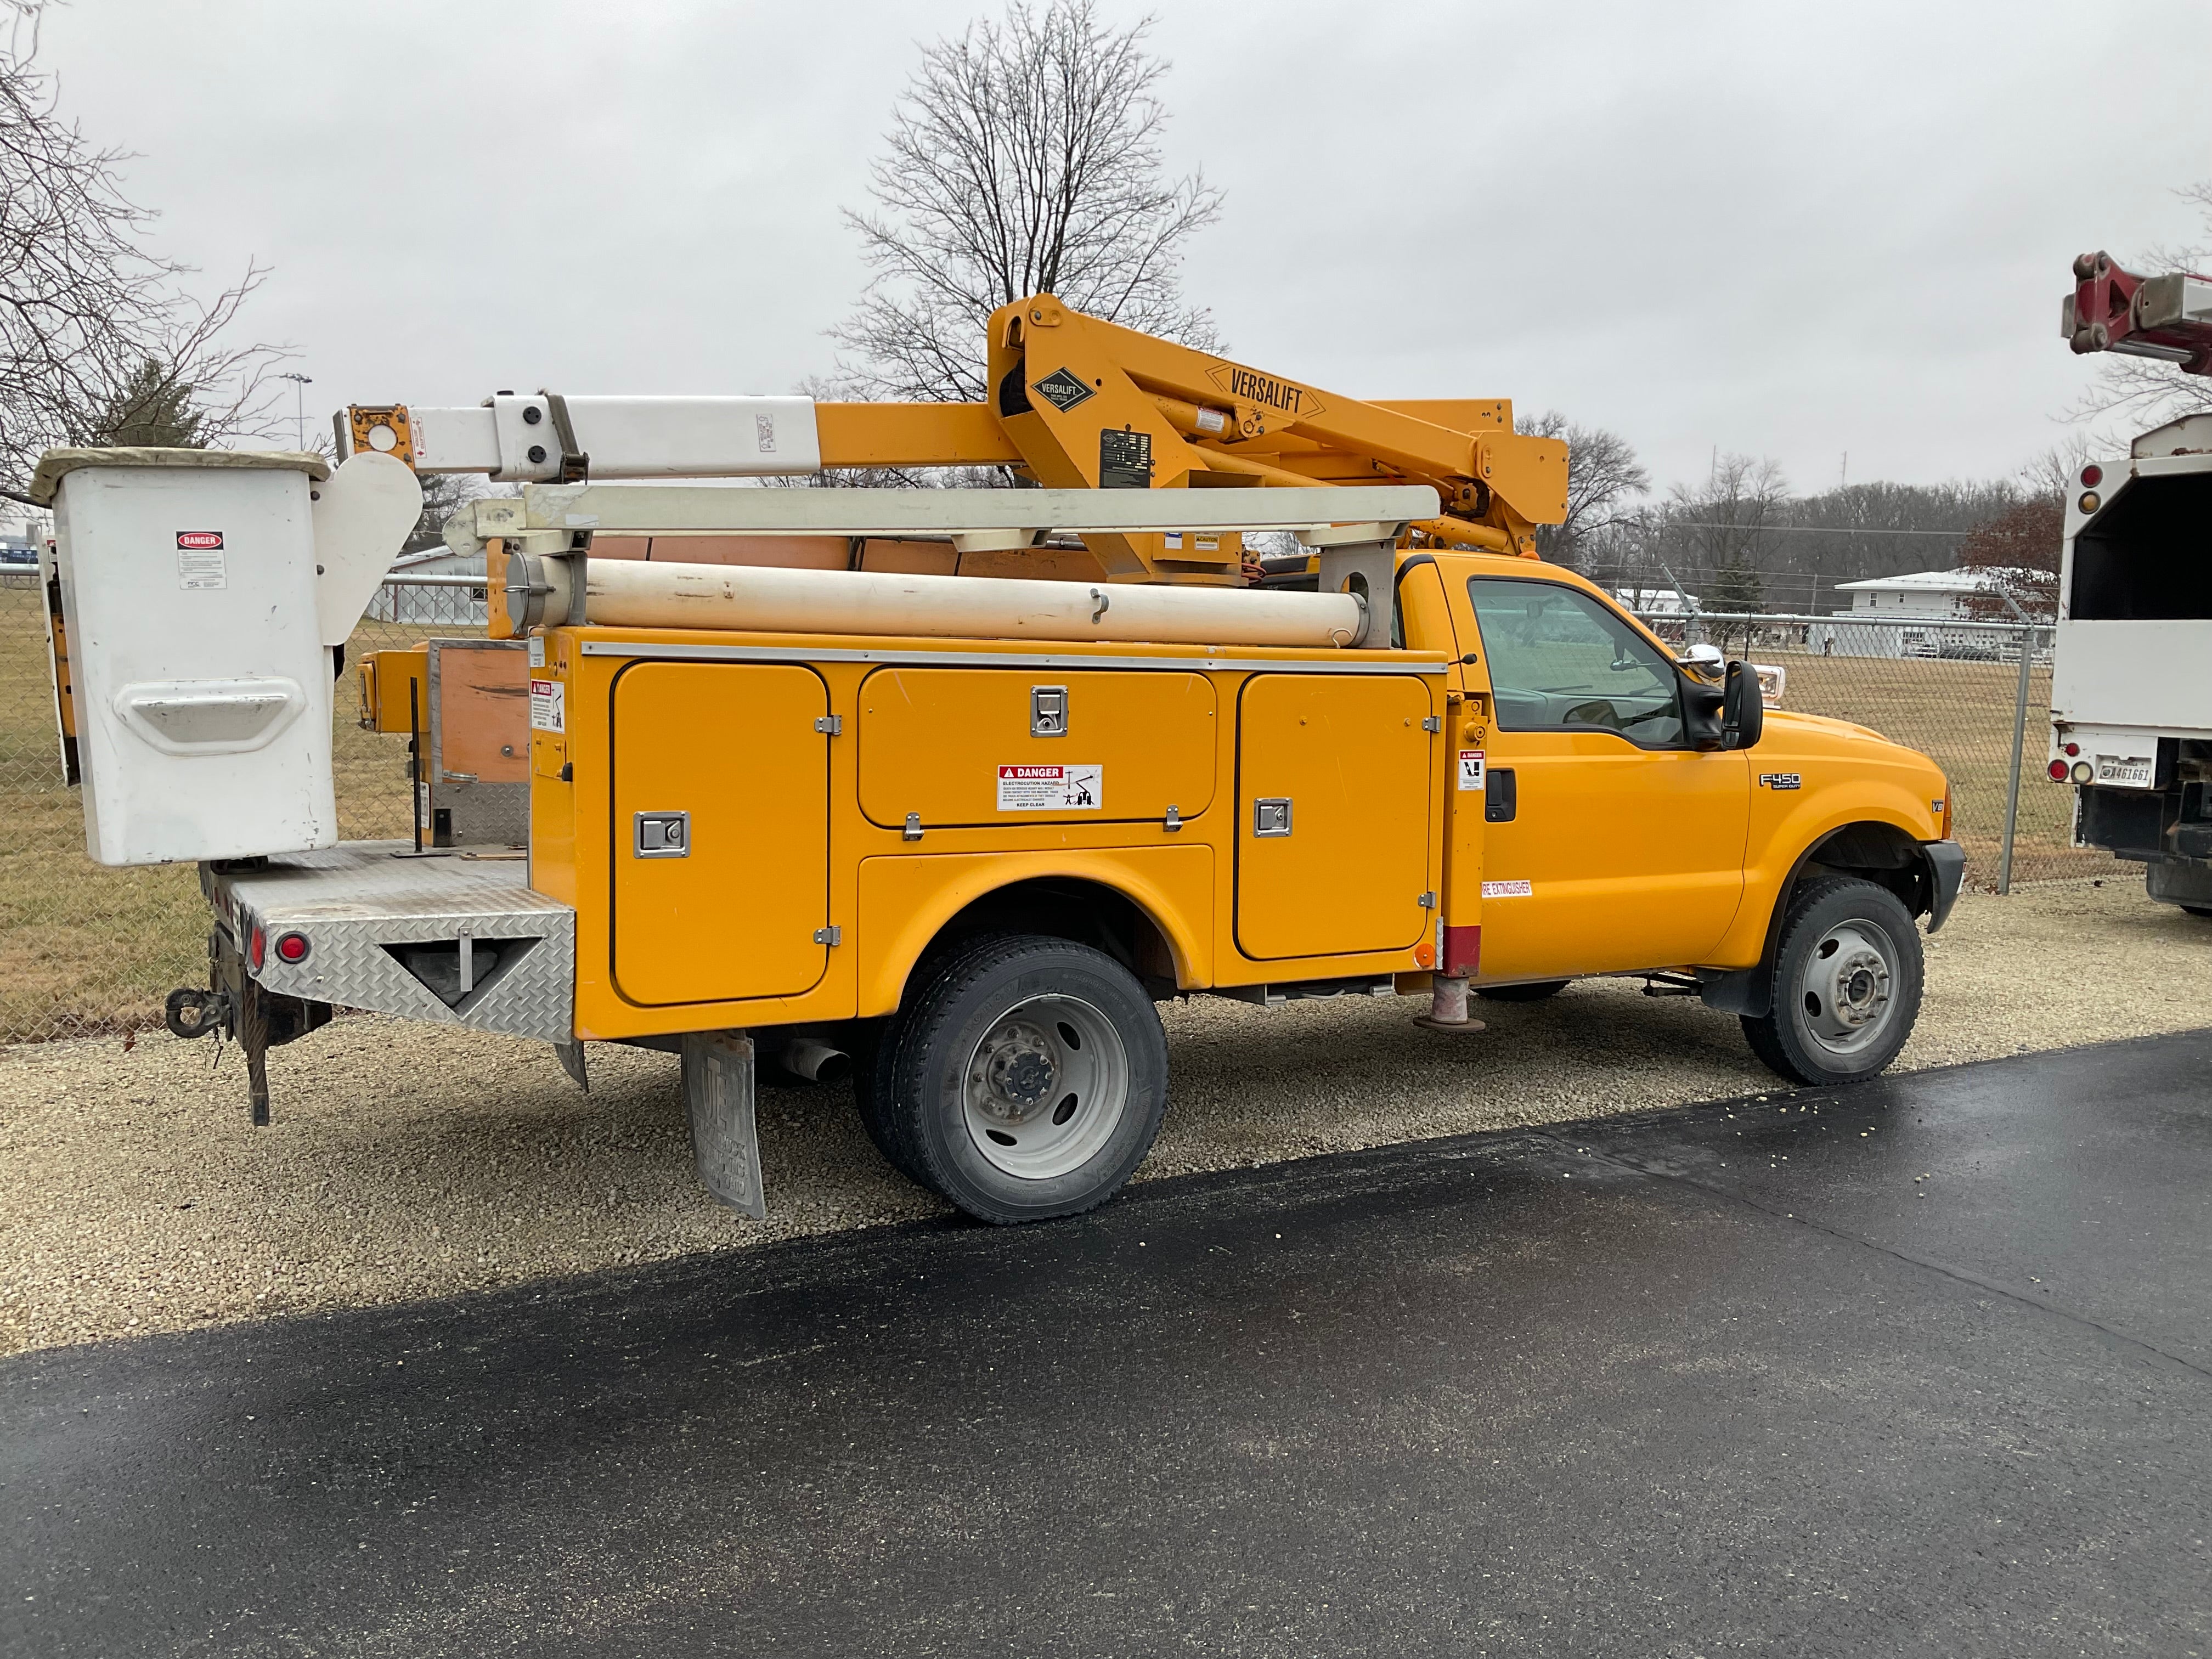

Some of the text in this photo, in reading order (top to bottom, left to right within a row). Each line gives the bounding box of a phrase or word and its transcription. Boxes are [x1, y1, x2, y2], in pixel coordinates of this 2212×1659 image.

[1042, 383, 1076, 395] VERSALIFT
[1232, 368, 1302, 413] VERSALIFT
[1017, 768, 1059, 777] DANGER
[1933, 803, 1943, 812] V8
[1492, 882, 1530, 895] EXTINGUISHER
[702, 1056, 727, 1132] UTE
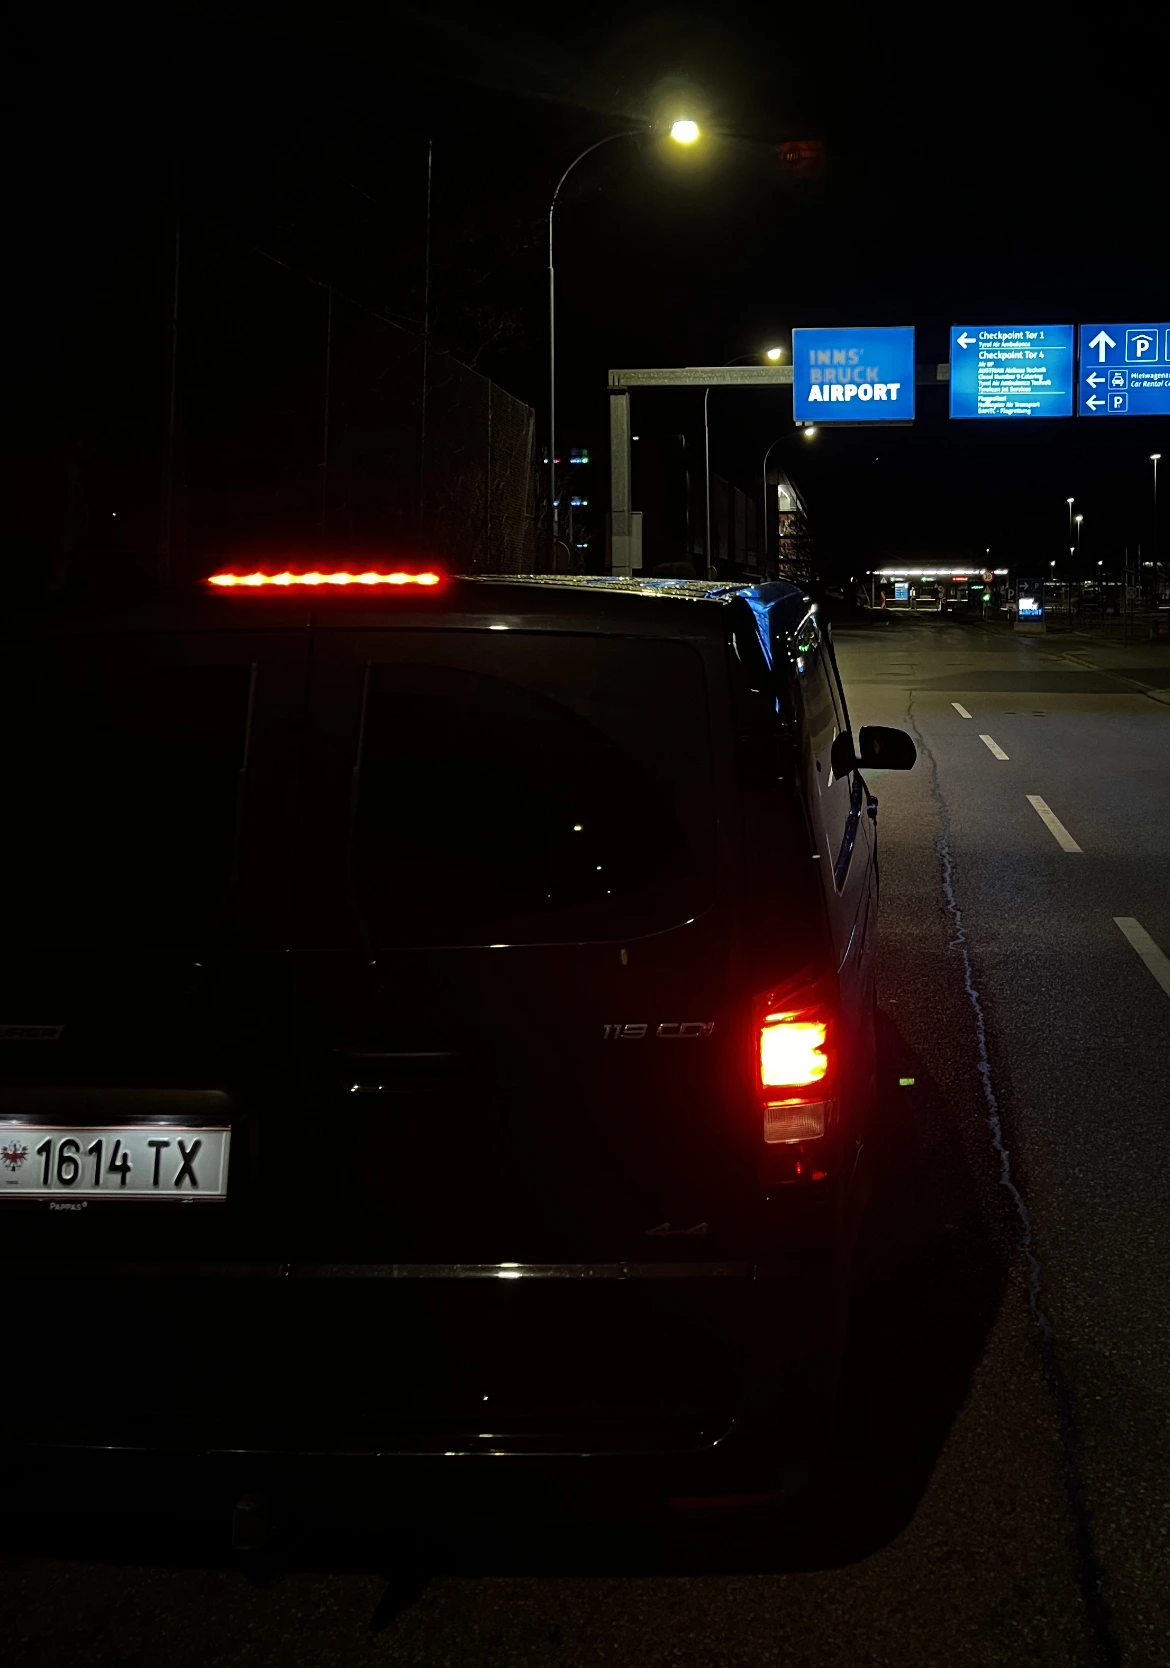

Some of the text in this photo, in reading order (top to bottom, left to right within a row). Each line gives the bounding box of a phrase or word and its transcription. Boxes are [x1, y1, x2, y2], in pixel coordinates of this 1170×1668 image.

[979, 331, 1045, 341] Checkpoint Tor 1
[809, 348, 864, 366] INNS'
[979, 350, 1045, 361] Checkpoint Tor 4
[810, 366, 879, 384] BRUCK
[1130, 372, 1170, 381] Mietwagenz
[807, 384, 900, 403] AIRPORT
[603, 1021, 715, 1040] 119 CDI
[36, 1137, 203, 1188] 1614 TX

• [Task requirements]: Go through the listing above and retype each line exactly, apart from the pictures.

• [Final answer]:
Some of the text in this photo, in reading order (top to bottom, left to right within a row). Each line gives the bounding box of a phrase or word and its transcription. Boxes are [x1, y1, x2, y2], in pixel coordinates of this 2212×1659 image.

[1042, 383, 1076, 395] VERSALIFT
[1232, 368, 1302, 413] VERSALIFT
[1017, 768, 1059, 777] DANGER
[1933, 803, 1943, 812] V8
[1492, 882, 1530, 895] EXTINGUISHER
[702, 1056, 727, 1132] UTE

Some of the text in this photo, in reading order (top to bottom, left to right within a row). Each line gives the bounding box of a phrase or word and its transcription. Boxes are [x1, y1, x2, y2], in pixel coordinates of this 1170×1668 image.

[979, 331, 1045, 341] Checkpoint Tor 1
[809, 348, 864, 366] INNS'
[979, 350, 1045, 361] Checkpoint Tor 4
[810, 366, 879, 384] BRUCK
[1130, 372, 1170, 381] Mietwagenz
[807, 384, 900, 403] AIRPORT
[603, 1021, 715, 1040] 119 CDI
[36, 1137, 203, 1188] 1614 TX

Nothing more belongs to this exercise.